Assignment - Write out every entry precisely as given, leaving the pictures out.

*** Opening of Material provided ***

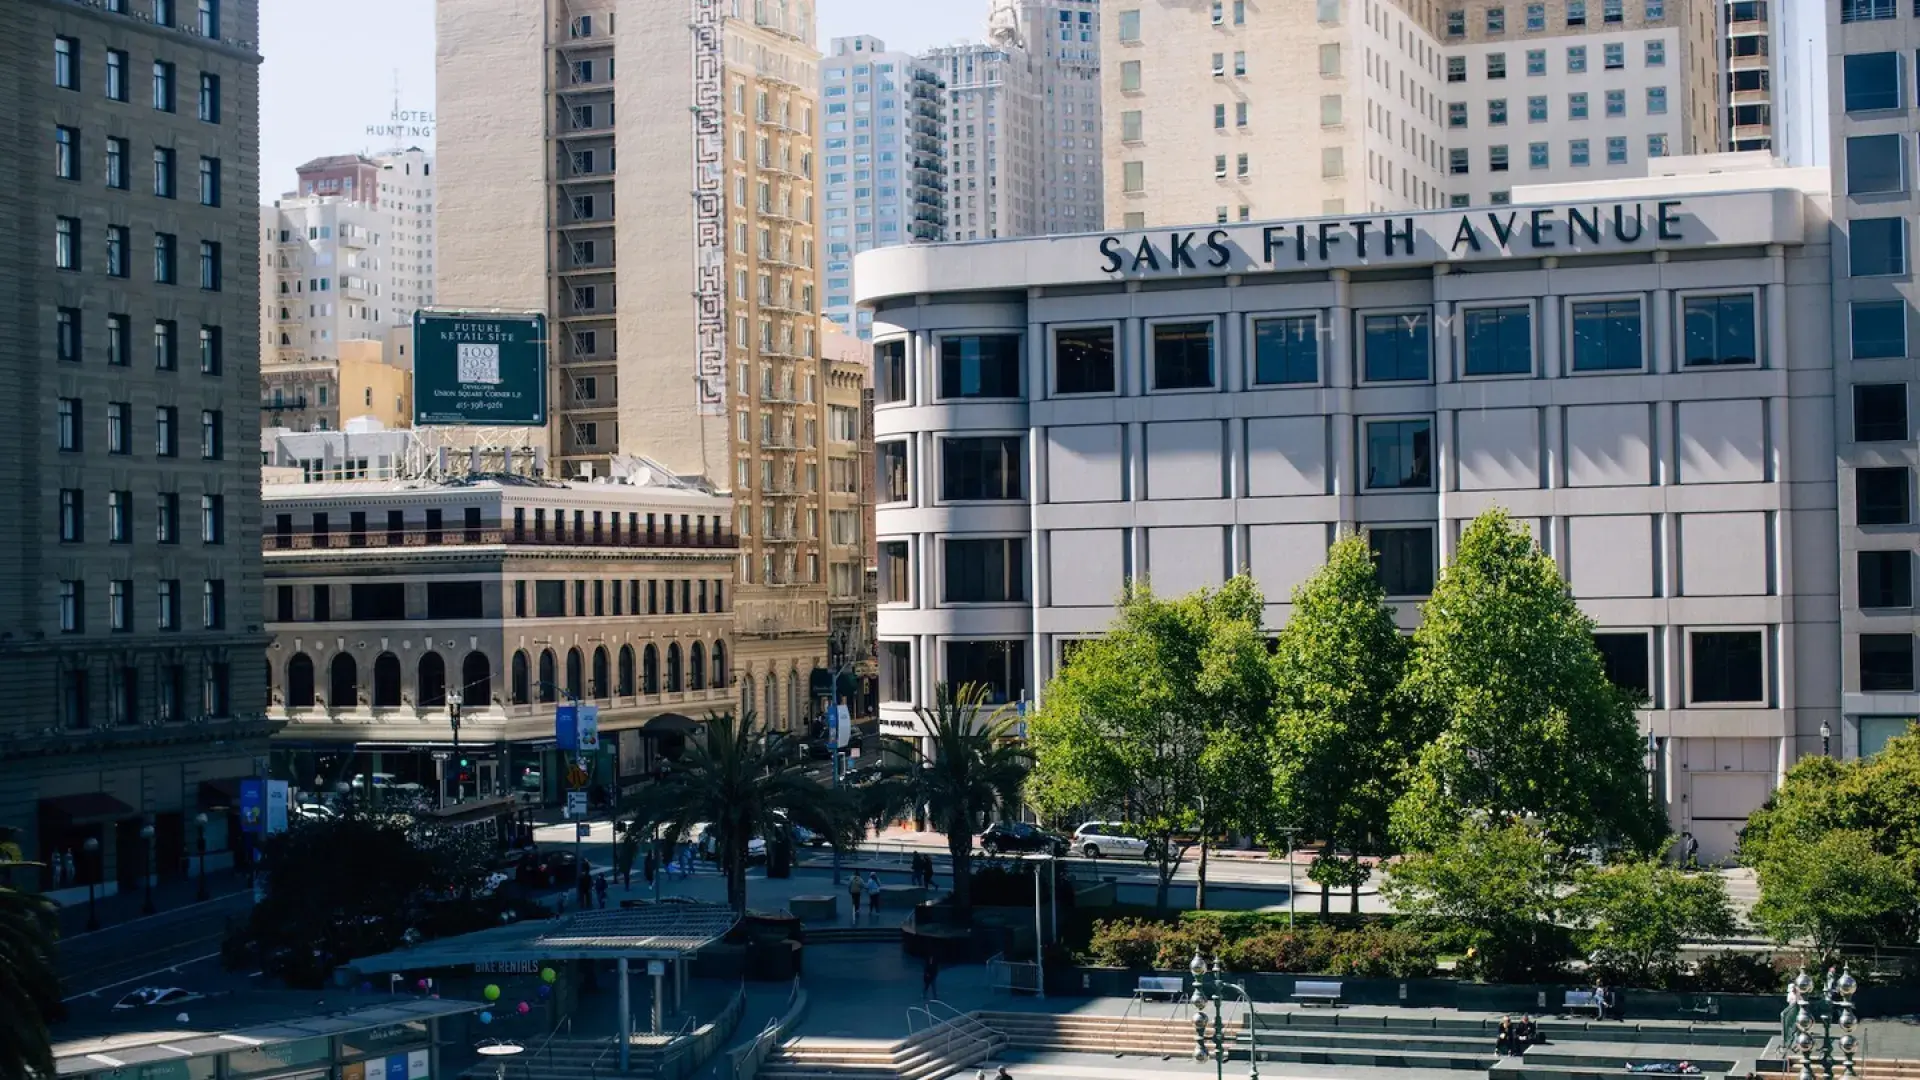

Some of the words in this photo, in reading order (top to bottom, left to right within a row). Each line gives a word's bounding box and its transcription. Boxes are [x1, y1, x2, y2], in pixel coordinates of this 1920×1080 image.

[391, 111, 435, 122] HOTEL
[366, 125, 436, 137] HUNTING
[1100, 230, 1230, 272] SAKS
[1264, 218, 1414, 263] FIFTH
[1452, 201, 1683, 252] AVENUE
[454, 323, 501, 332] FUTURE
[440, 331, 484, 341] RETAIL
[488, 332, 514, 341] SITE
[699, 265, 721, 403] HOTEL
[462, 347, 494, 358] 400
[462, 358, 494, 368] POST
[462, 368, 496, 378] STREET
[499, 960, 539, 973] RENTALS
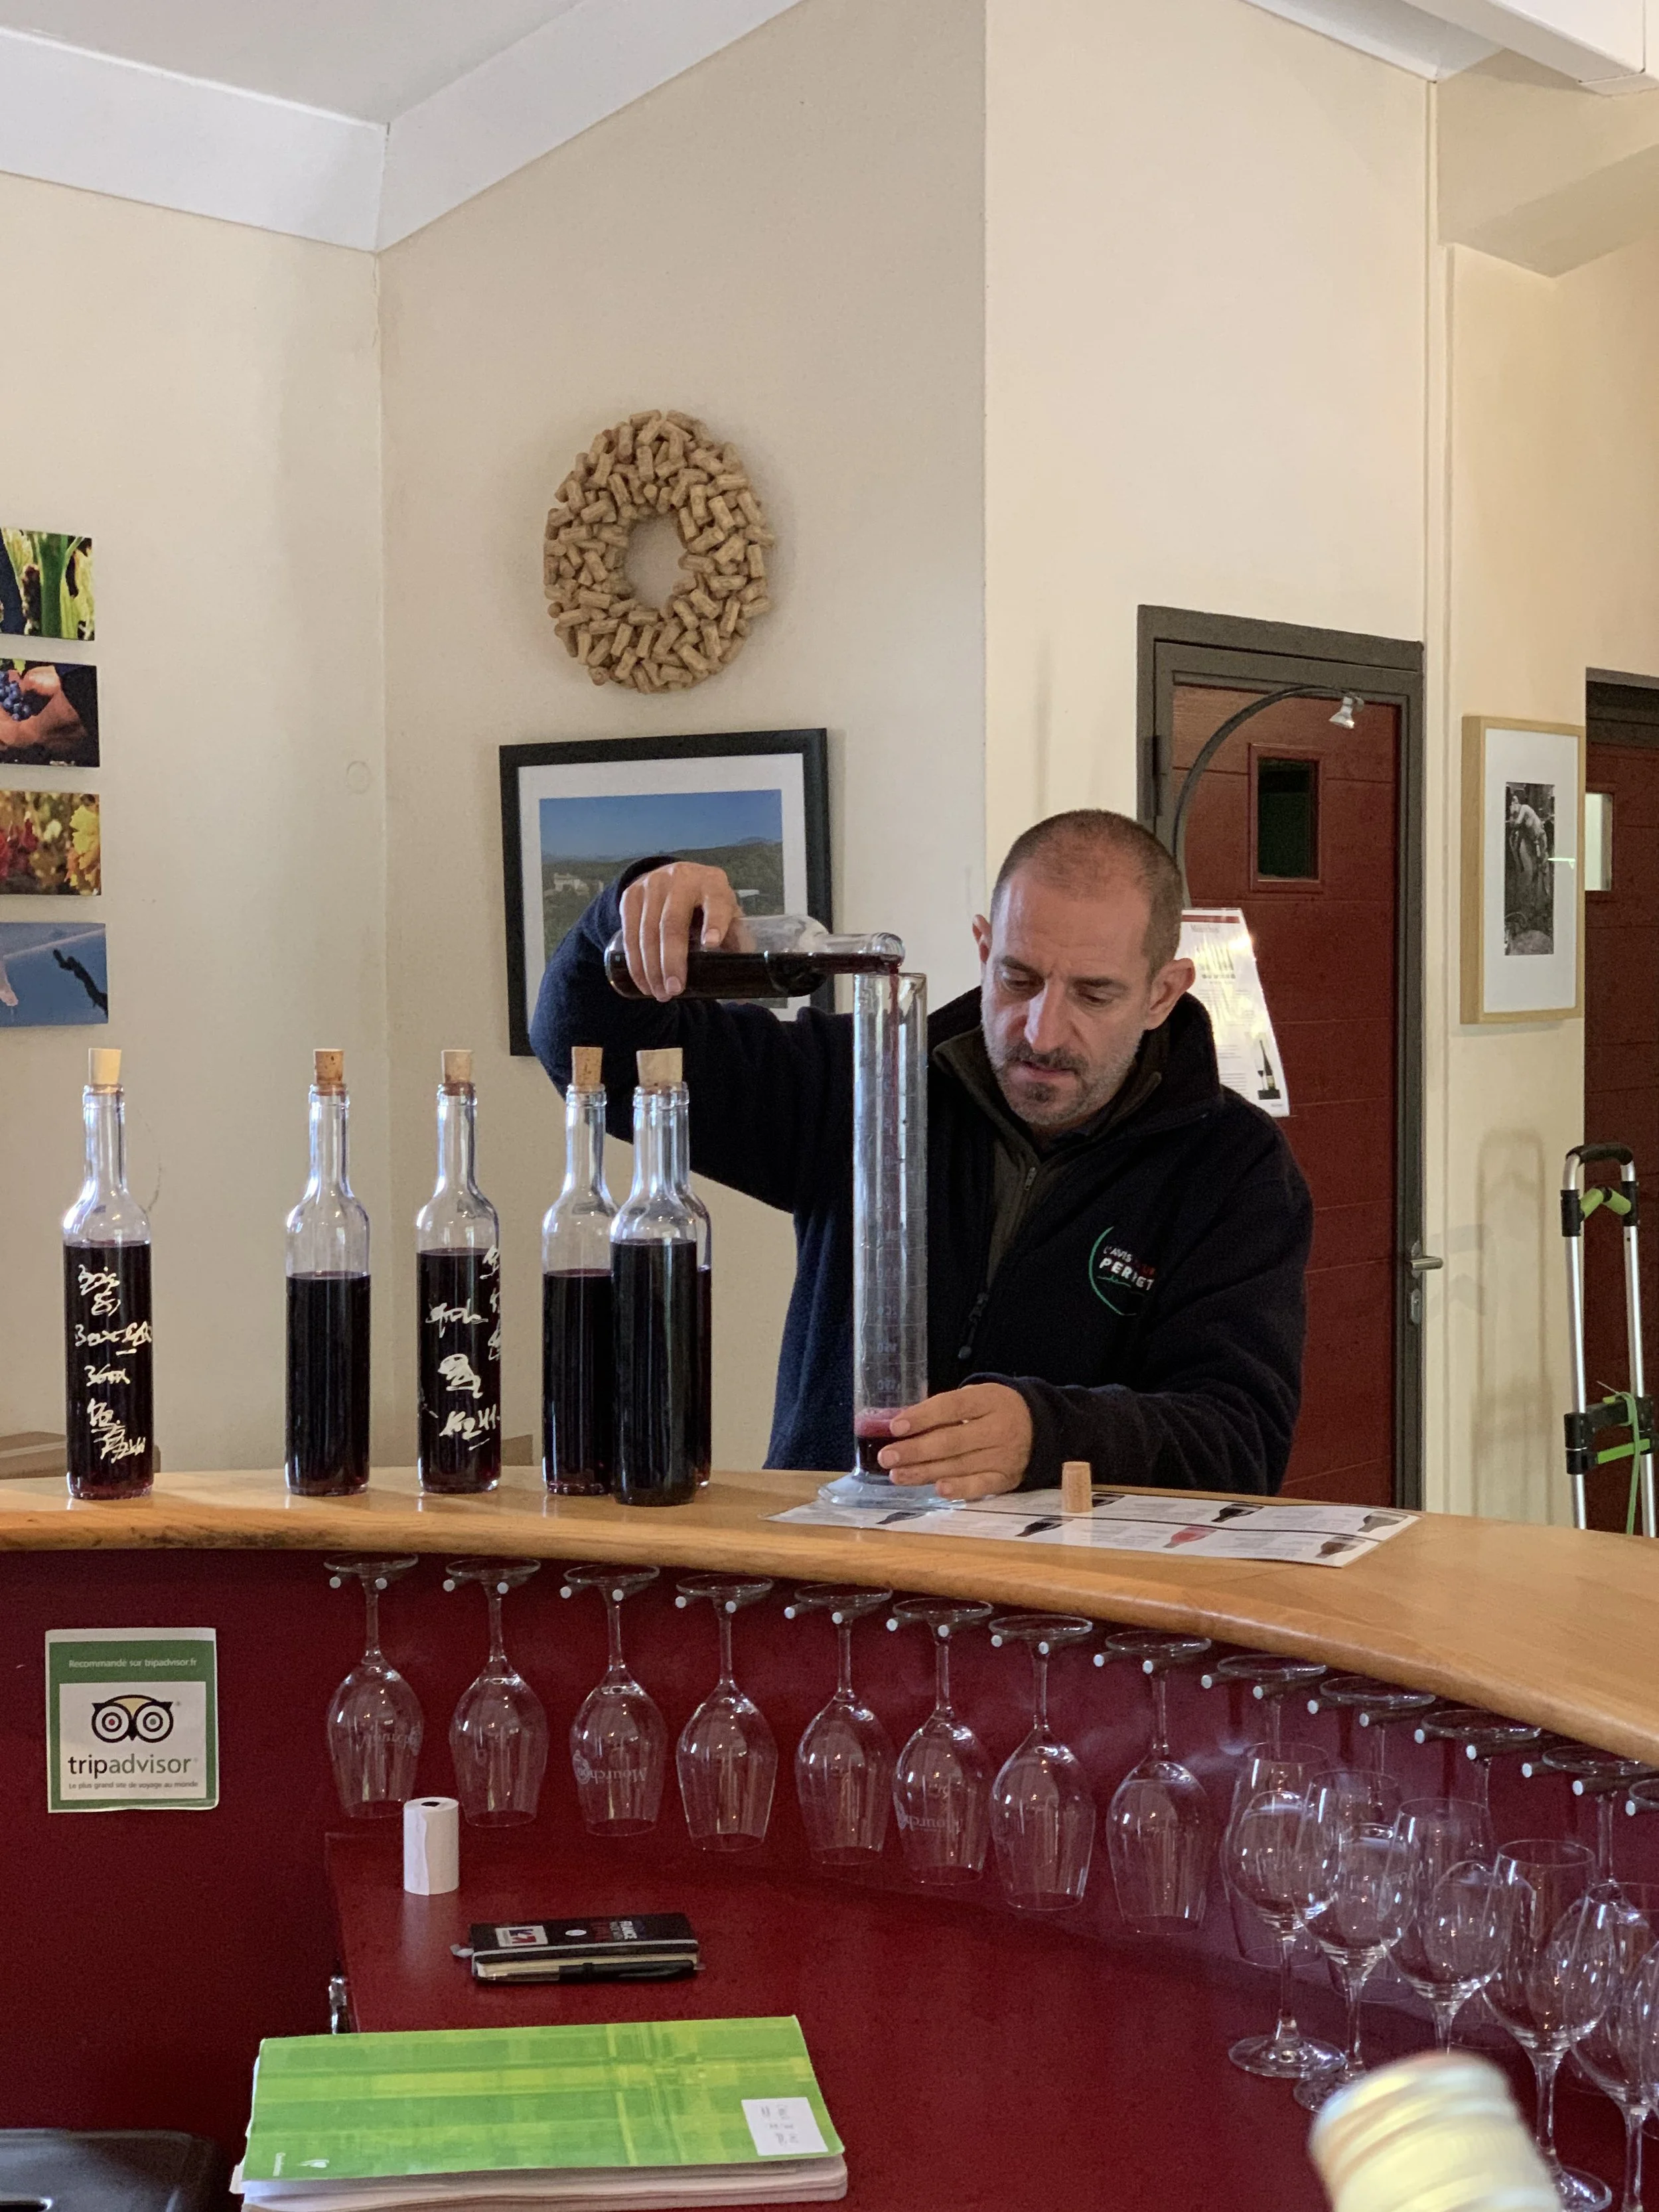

*** Close of Material provided ***

Solution -
Some of the words in this photo, in reading order (top to bottom, left to right within a row). Each line gives a word's bounding box and its transcription. Boxes are [x1, y1, x2, y2], in pixel coordinates of this 1920×1080 image.

[391, 111, 435, 122] HOTEL
[366, 125, 436, 137] HUNTING
[1100, 230, 1230, 272] SAKS
[1264, 218, 1414, 263] FIFTH
[1452, 201, 1683, 252] AVENUE
[454, 323, 501, 332] FUTURE
[440, 331, 484, 341] RETAIL
[488, 332, 514, 341] SITE
[699, 265, 721, 403] HOTEL
[462, 347, 494, 358] 400
[462, 358, 494, 368] POST
[462, 368, 496, 378] STREET
[499, 960, 539, 973] RENTALS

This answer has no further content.